**YOUR INSTRUCTIONS**: In your copy, reproduce the entries exactly as they are, minus the images.
#####
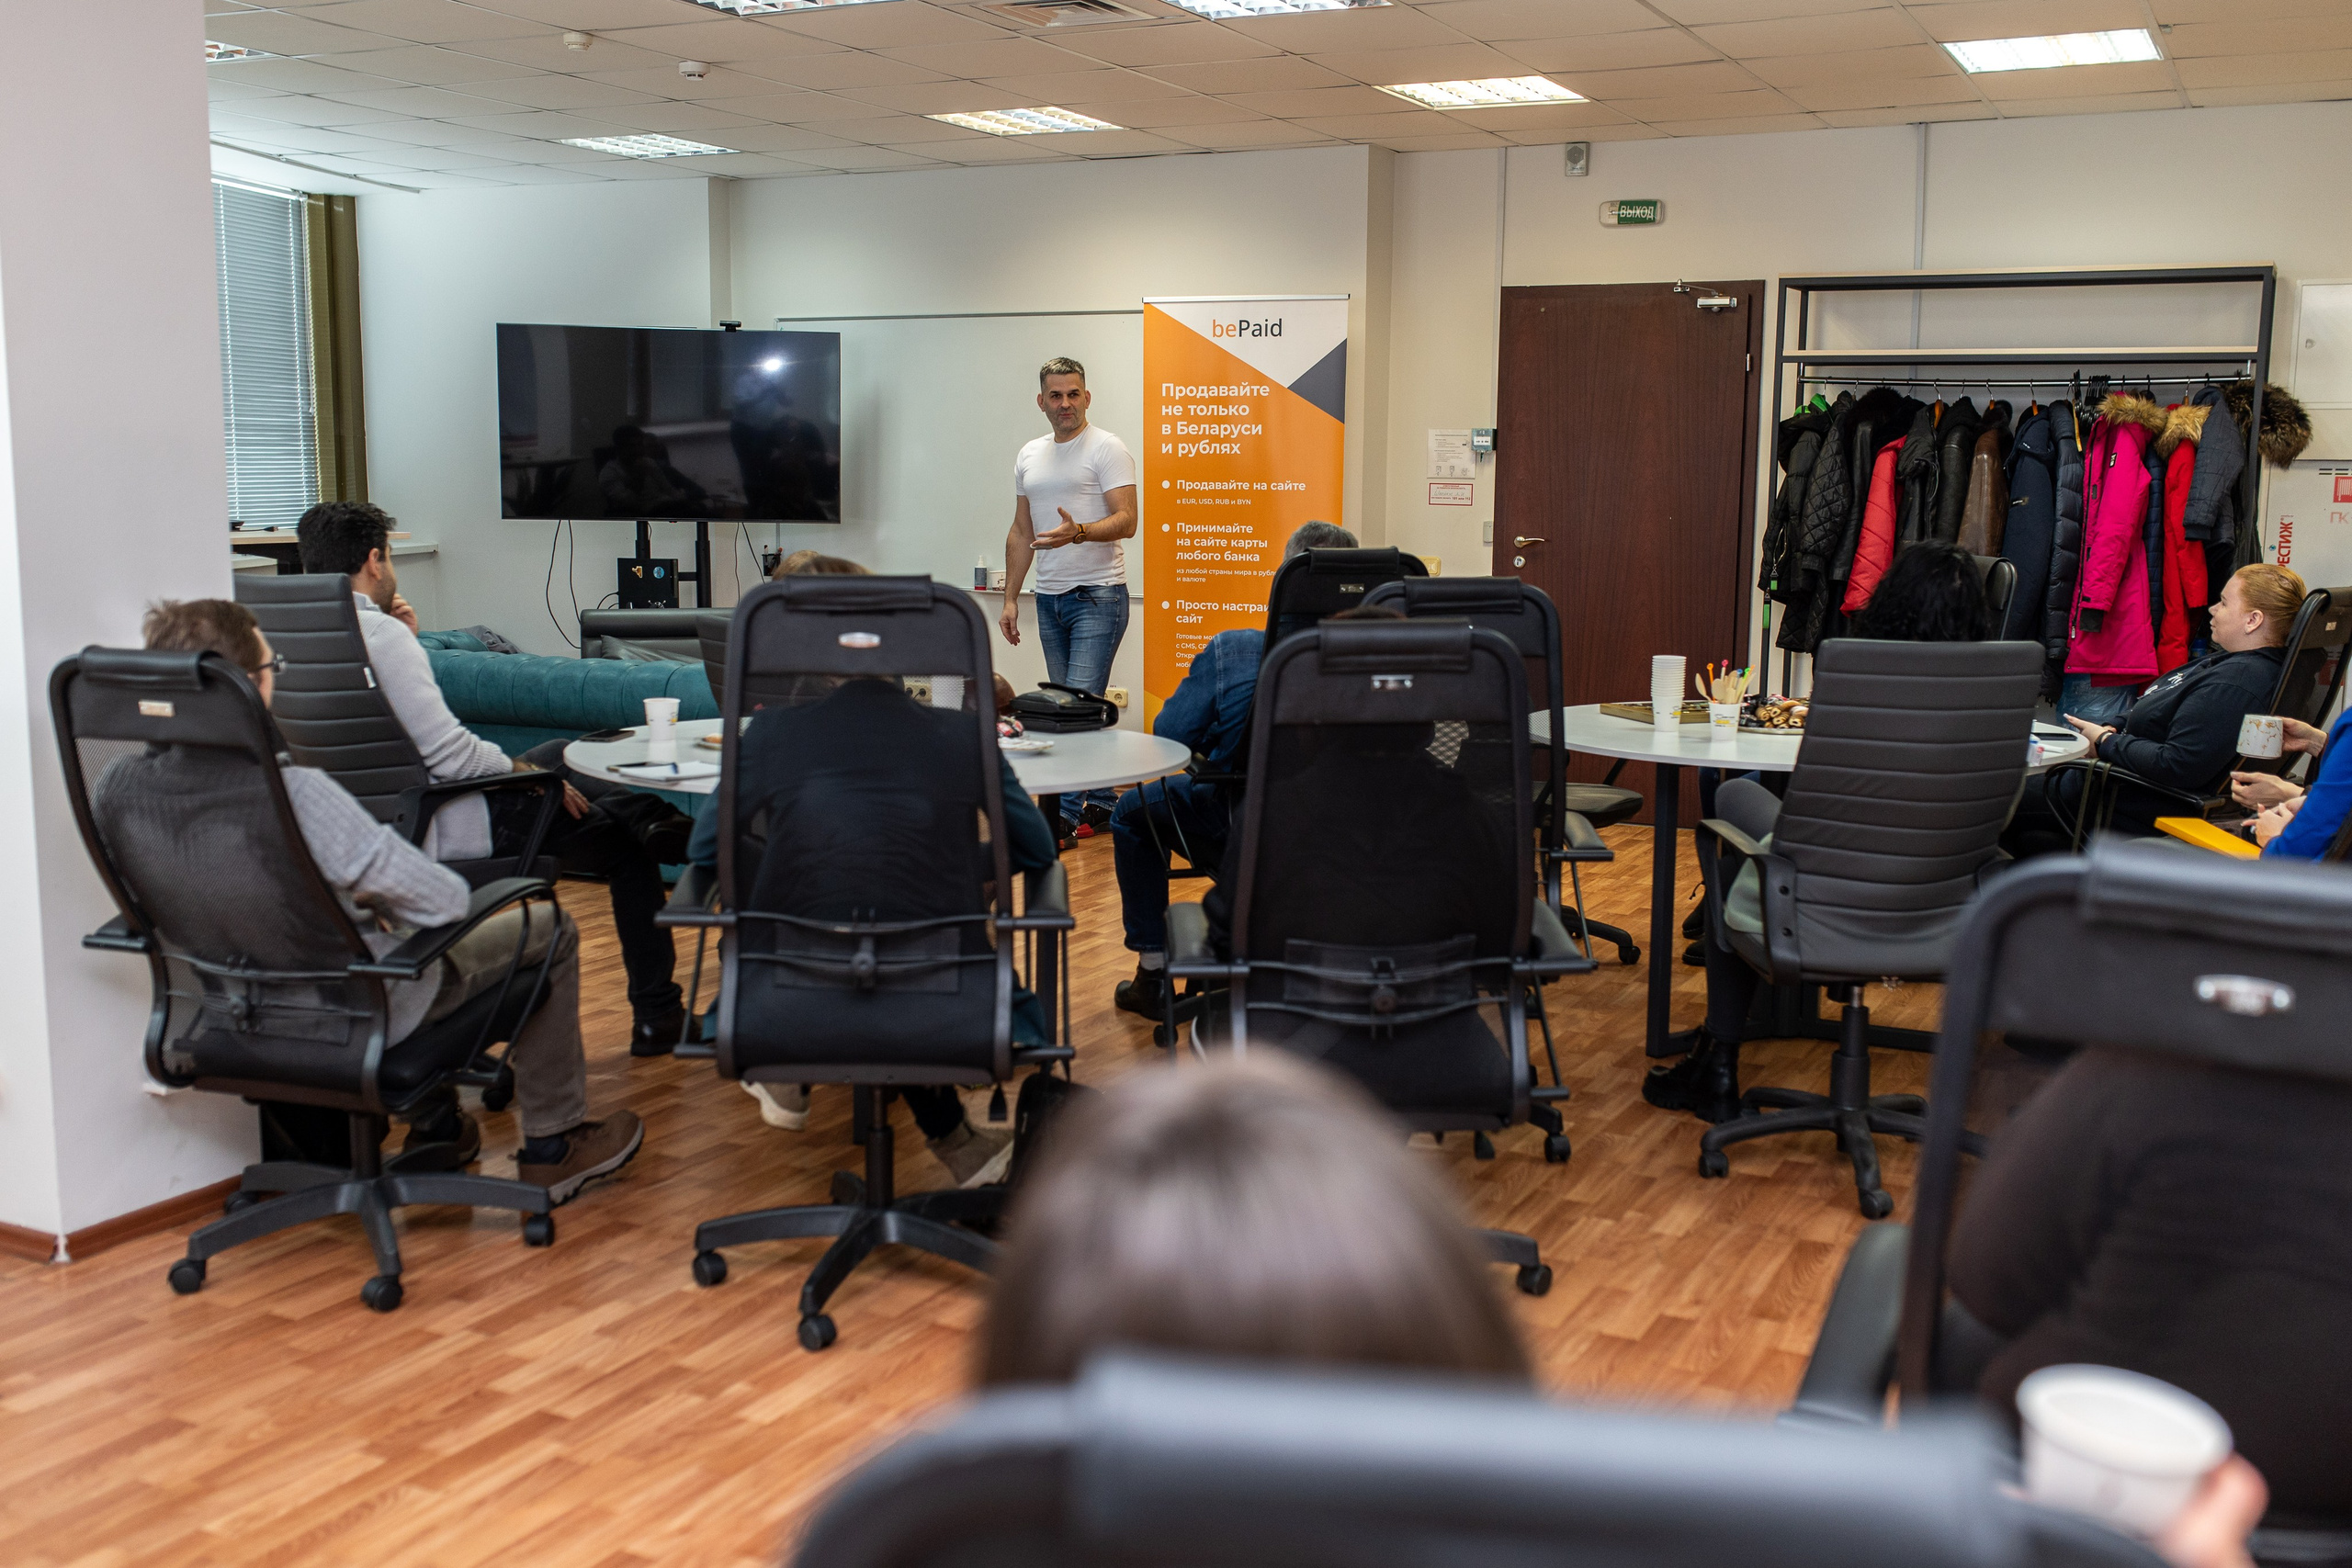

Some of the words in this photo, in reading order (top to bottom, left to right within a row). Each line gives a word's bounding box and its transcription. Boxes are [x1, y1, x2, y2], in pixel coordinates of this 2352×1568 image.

[1620, 205, 1654, 220] ВЫХОД
[1212, 318, 1283, 338] bePaid
[1162, 382, 1270, 400] Продавайте
[1162, 405, 1183, 416] не
[1187, 405, 1250, 416] только
[1162, 424, 1171, 435] в
[1176, 421, 1262, 438] Беларуси
[1162, 443, 1173, 454] и
[1178, 440, 1241, 457] рублях
[1176, 480, 1250, 492] Продавайте
[1253, 482, 1267, 490] на
[1270, 480, 1306, 491] сайте
[2330, 512, 2348, 524] ПК
[1176, 522, 1254, 534] Принимайте
[1176, 538, 1190, 546] на
[1194, 536, 1228, 547] сайте
[1231, 539, 1267, 550] карты
[1176, 550, 1221, 561] любого
[1223, 551, 1260, 562] банка
[1176, 599, 1220, 611] Просто
[1176, 613, 1203, 623] сайт
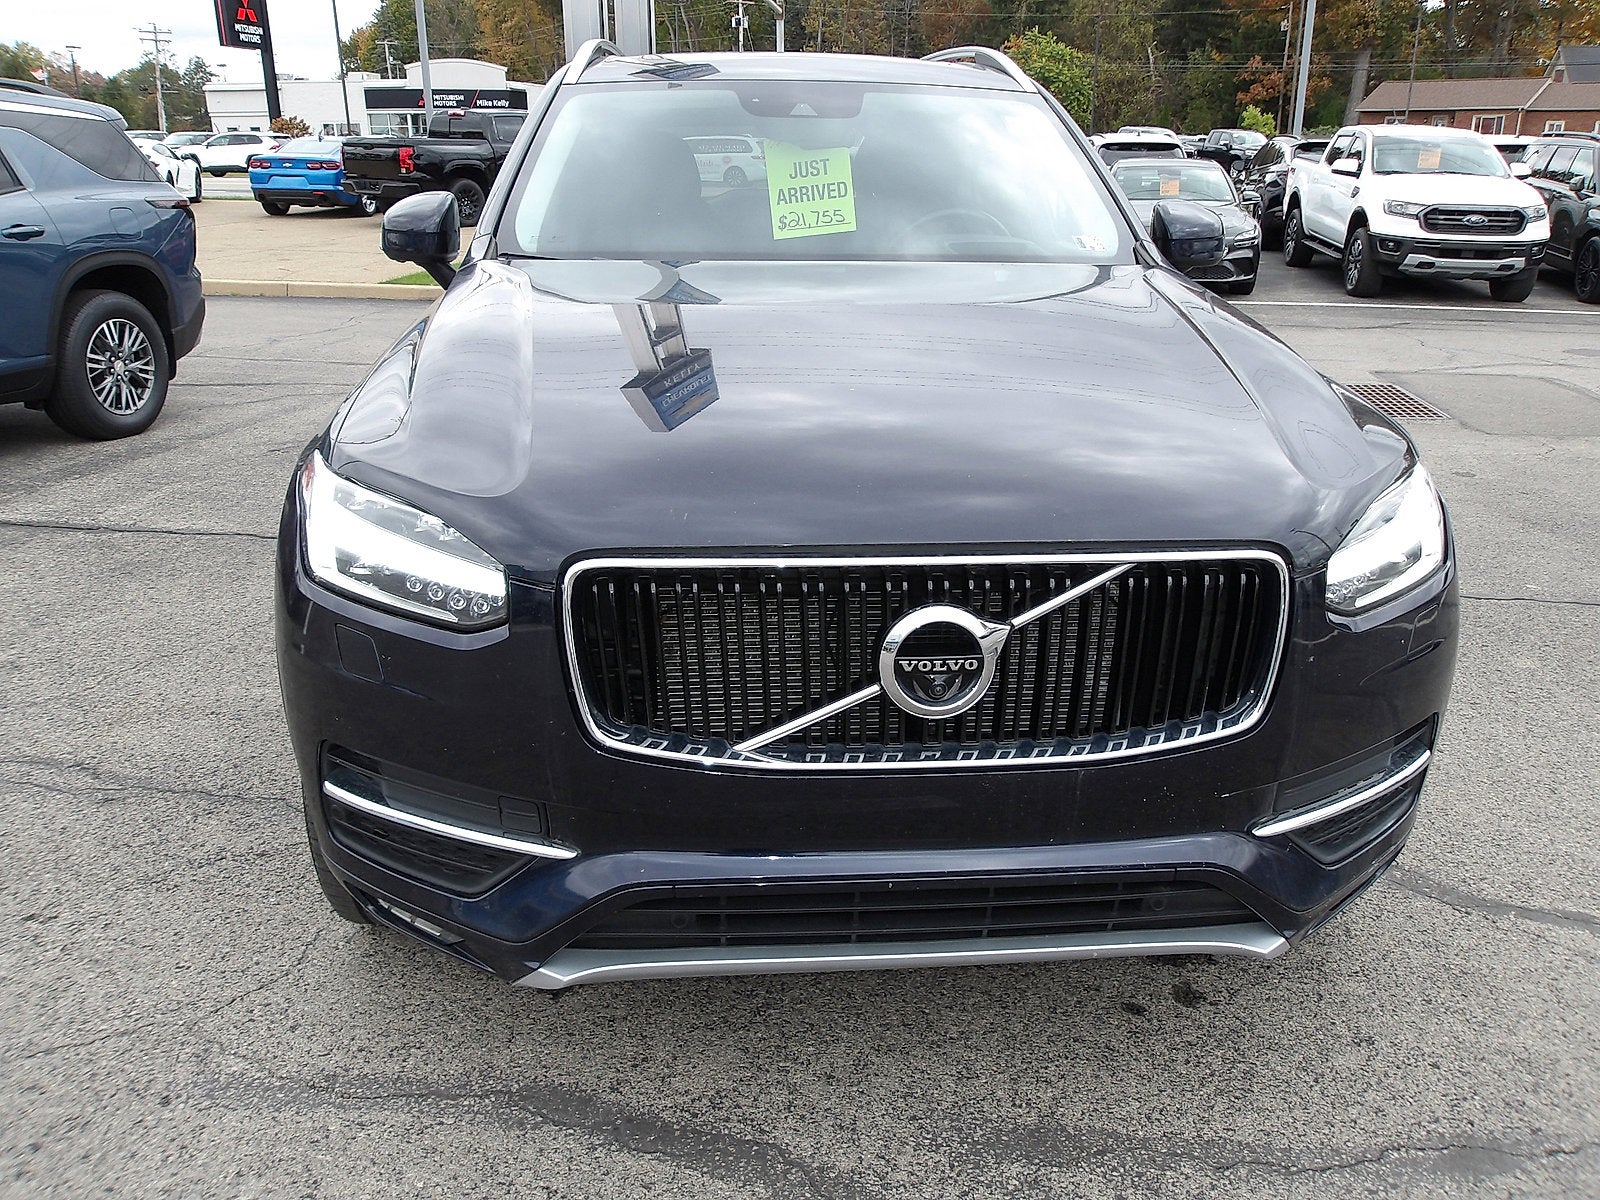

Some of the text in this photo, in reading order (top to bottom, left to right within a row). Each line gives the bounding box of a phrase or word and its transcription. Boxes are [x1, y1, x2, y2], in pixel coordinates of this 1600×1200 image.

[234, 23, 263, 35] MITSUBISHI
[239, 32, 262, 44] MOTORS
[476, 99, 509, 108] Mike Kelly
[788, 158, 830, 180] JUST
[776, 181, 848, 206] ARRIVED
[778, 209, 846, 232] $21,755
[898, 659, 979, 672] VOLVO
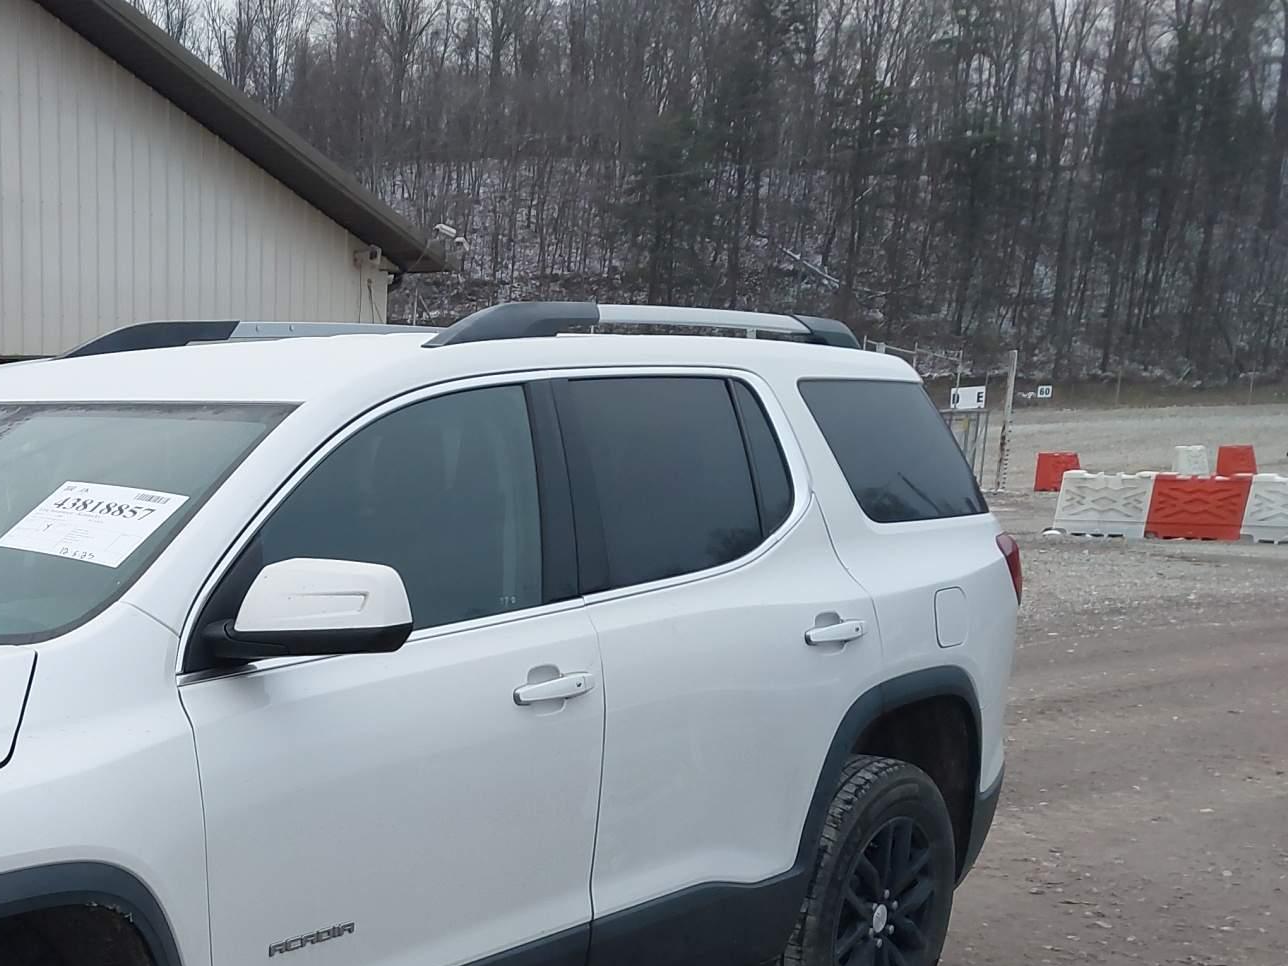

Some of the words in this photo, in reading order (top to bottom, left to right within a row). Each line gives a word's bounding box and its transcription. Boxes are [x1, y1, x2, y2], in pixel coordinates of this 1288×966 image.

[977, 392, 983, 402] E
[1039, 388, 1050, 396] 60
[54, 496, 156, 520] 43818857
[268, 921, 355, 958] ACADIA
#####
**SOLUTION TO THIS TASK**:
Some of the words in this photo, in reading order (top to bottom, left to right within a row). Each line gives a word's bounding box and its transcription. Boxes are [x1, y1, x2, y2], in pixel coordinates of this 2352×1568 image.

[1620, 205, 1654, 220] ВЫХОД
[1212, 318, 1283, 338] bePaid
[1162, 382, 1270, 400] Продавайте
[1162, 405, 1183, 416] не
[1187, 405, 1250, 416] только
[1162, 424, 1171, 435] в
[1176, 421, 1262, 438] Беларуси
[1162, 443, 1173, 454] и
[1178, 440, 1241, 457] рублях
[1176, 480, 1250, 492] Продавайте
[1253, 482, 1267, 490] на
[1270, 480, 1306, 491] сайте
[2330, 512, 2348, 524] ПК
[1176, 522, 1254, 534] Принимайте
[1176, 538, 1190, 546] на
[1194, 536, 1228, 547] сайте
[1231, 539, 1267, 550] карты
[1176, 550, 1221, 561] любого
[1223, 551, 1260, 562] банка
[1176, 599, 1220, 611] Просто
[1176, 613, 1203, 623] сайт

Some of the text in this photo, in reading order (top to bottom, left to right within a row). Each line gives the bounding box of a phrase or word and its transcription. Boxes are [x1, y1, x2, y2], in pixel coordinates of this 1600×1200 image.

[234, 23, 263, 35] MITSUBISHI
[239, 32, 262, 44] MOTORS
[476, 99, 509, 108] Mike Kelly
[788, 158, 830, 180] JUST
[776, 181, 848, 206] ARRIVED
[778, 209, 846, 232] $21,755
[898, 659, 979, 672] VOLVO

Some of the words in this photo, in reading order (top to bottom, left to right within a row). Each line gives a word's bounding box and its transcription. Boxes are [x1, y1, x2, y2], in pixel coordinates of this 1288×966 image.

[977, 392, 983, 402] E
[1039, 388, 1050, 396] 60
[54, 496, 156, 520] 43818857
[268, 921, 355, 958] ACADIA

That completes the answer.